Work task:
Return each record unchanged and drop the images.

Extracted entries:

= Beginning of Section =

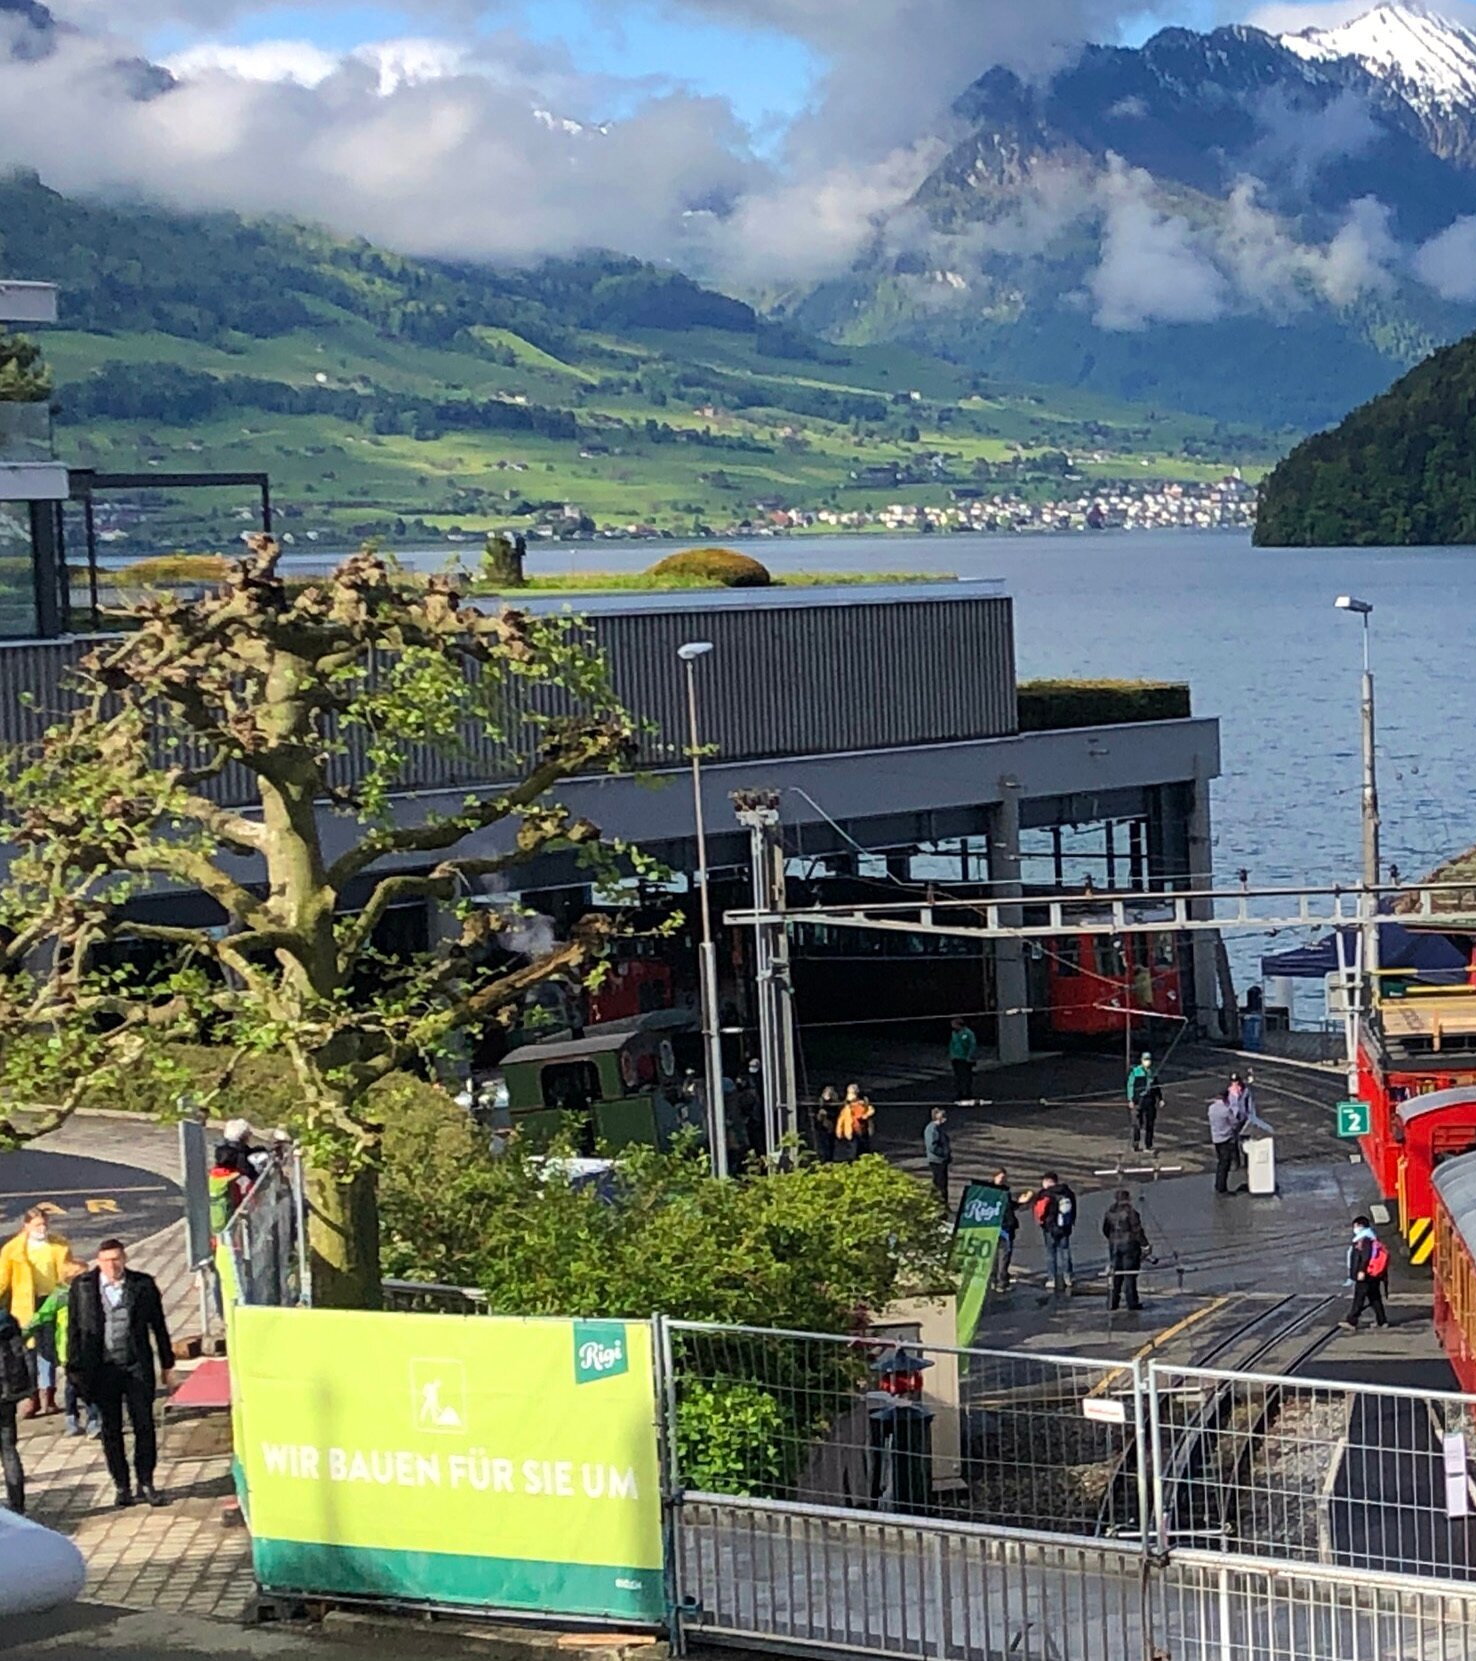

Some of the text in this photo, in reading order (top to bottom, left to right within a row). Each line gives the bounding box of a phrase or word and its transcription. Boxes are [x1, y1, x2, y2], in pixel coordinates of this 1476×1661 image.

[1348, 1113, 1361, 1132] 2
[964, 1199, 1002, 1222] Rigi
[579, 1340, 623, 1371] Rigi
[260, 1441, 639, 1500] WIR BAUEN FÜR SIE UM
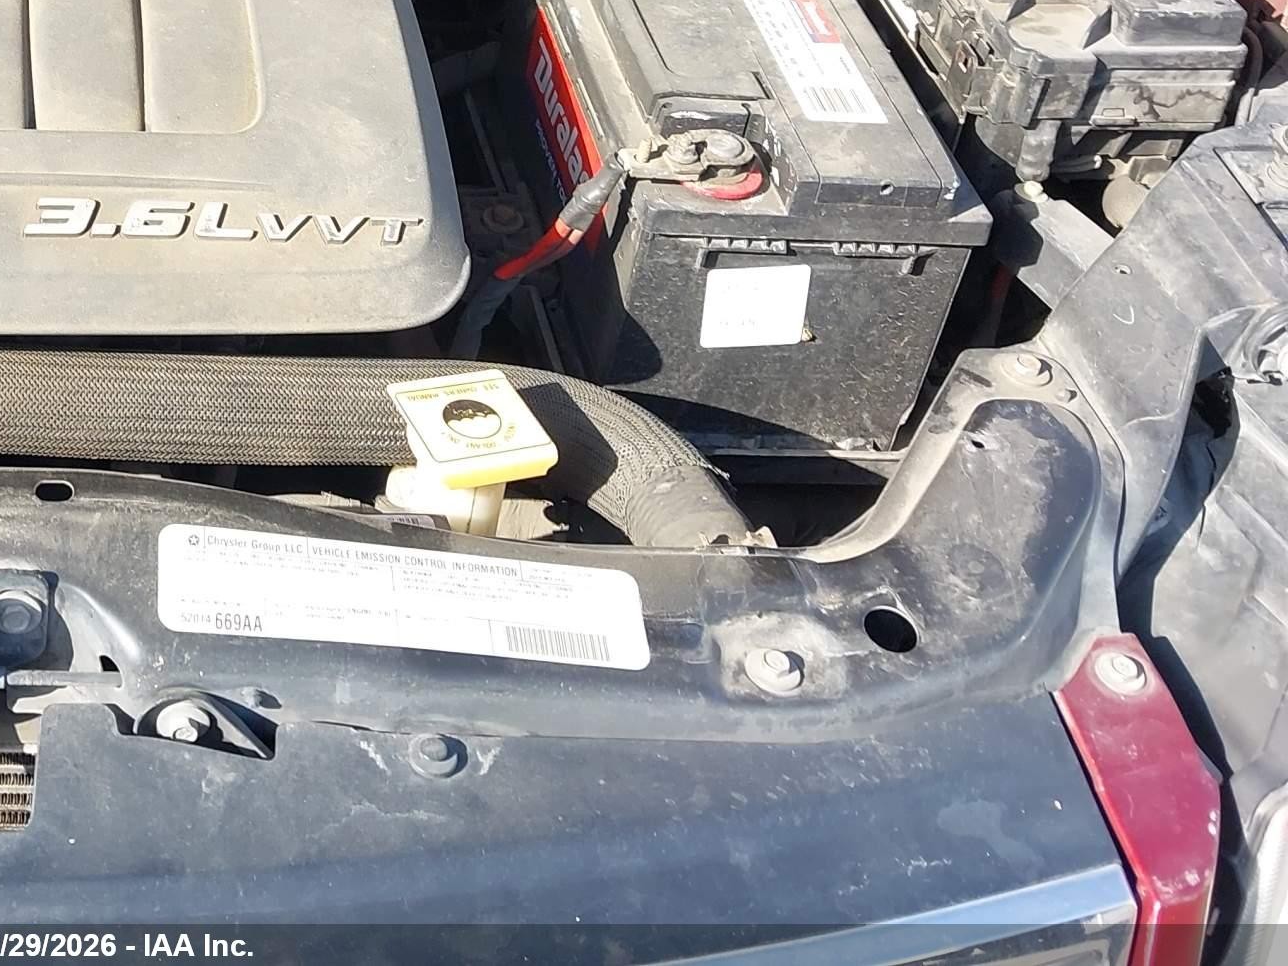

= End of Section =

Output of the task:
Some of the text in this photo, in reading order (top to bottom, left to right within a row). Each line gives the bounding box of a phrase or word and its transcription. Boxes are [x1, y1, x2, y2], in pixel coordinates of this 1476×1661 image.

[1348, 1113, 1361, 1132] 2
[964, 1199, 1002, 1222] Rigi
[579, 1340, 623, 1371] Rigi
[260, 1441, 639, 1500] WIR BAUEN FÜR SIE UM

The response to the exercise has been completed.